Procedures for an Effective Physical Inventory

The most important element to a successful and accurate physical inventory is proper planning and preparation. Written procedures that are understood by all involved is a good first step that will help to assure a well controlled and disciplined count and allow you to focus on an accurate count which will be more efficient and take less time. The more time you spend on the preparation of a count, the less time it will take to perform the count and the more likely you will have an accurate count and minimize re-counts. An inaccurate physical affects at least two years!

Preparing for a Physical Inventory

Schedule the Count Date(s)

Set the count date well in advance so everyone has time to prepare for it and schedule around it. Avoid busy seasonal times and times when your team may not be available or will be preoccupied and less likely to be focused on the task at hand. If you have multiple stores or stock locations, multiple dates can be selected. Often this is preferable, especially as it allows your management staff to be available for supervision.

Human Resource Considerations

While you must consider the availability and experience of your staff, you must also consider the importance of checks and balances and personal accountability. If internal theft is a problem, you can’t depend on a completely accurate count; it’s like letting the fox guard the hen house. Where ever possible, you should rotate your staff to areas for which they don’t have direct responsibility. Swapping store personnel to other stores is ideal for multiple store locations. Even where this isn’t practical, consideration should be made to separating close friends on separate teams if collusion is a possibility.
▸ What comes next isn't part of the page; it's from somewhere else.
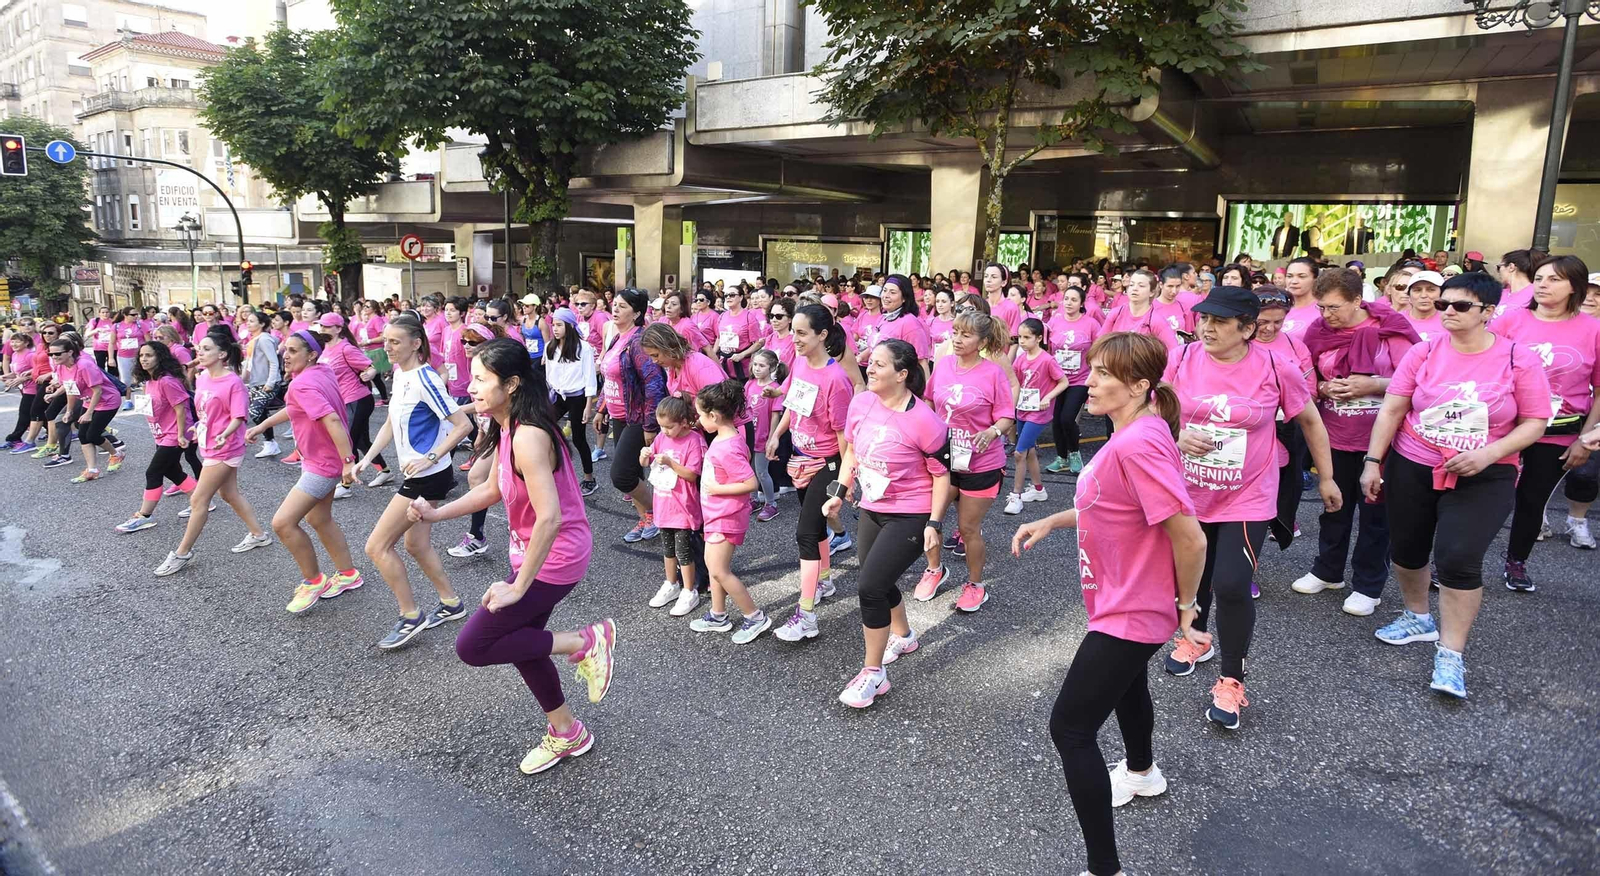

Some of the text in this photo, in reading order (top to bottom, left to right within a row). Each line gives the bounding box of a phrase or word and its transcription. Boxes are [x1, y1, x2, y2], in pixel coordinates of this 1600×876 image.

Of course, third party inventory services provide an alternate resource. They have an advantage of being independent and have no tracks to cover. On the other hand, they do not know the merchandise and physical stock locations as well as your own staff. Third party services are usually most effective when they work closely with your staff. For example, the service can take detailed counts and your staff can perform verification counts to double check their work.

Select Your Counting Method(s)

There are various methods for counting. The best method depends in part on how merchandise is managed and how your stores or stock locations are laid out.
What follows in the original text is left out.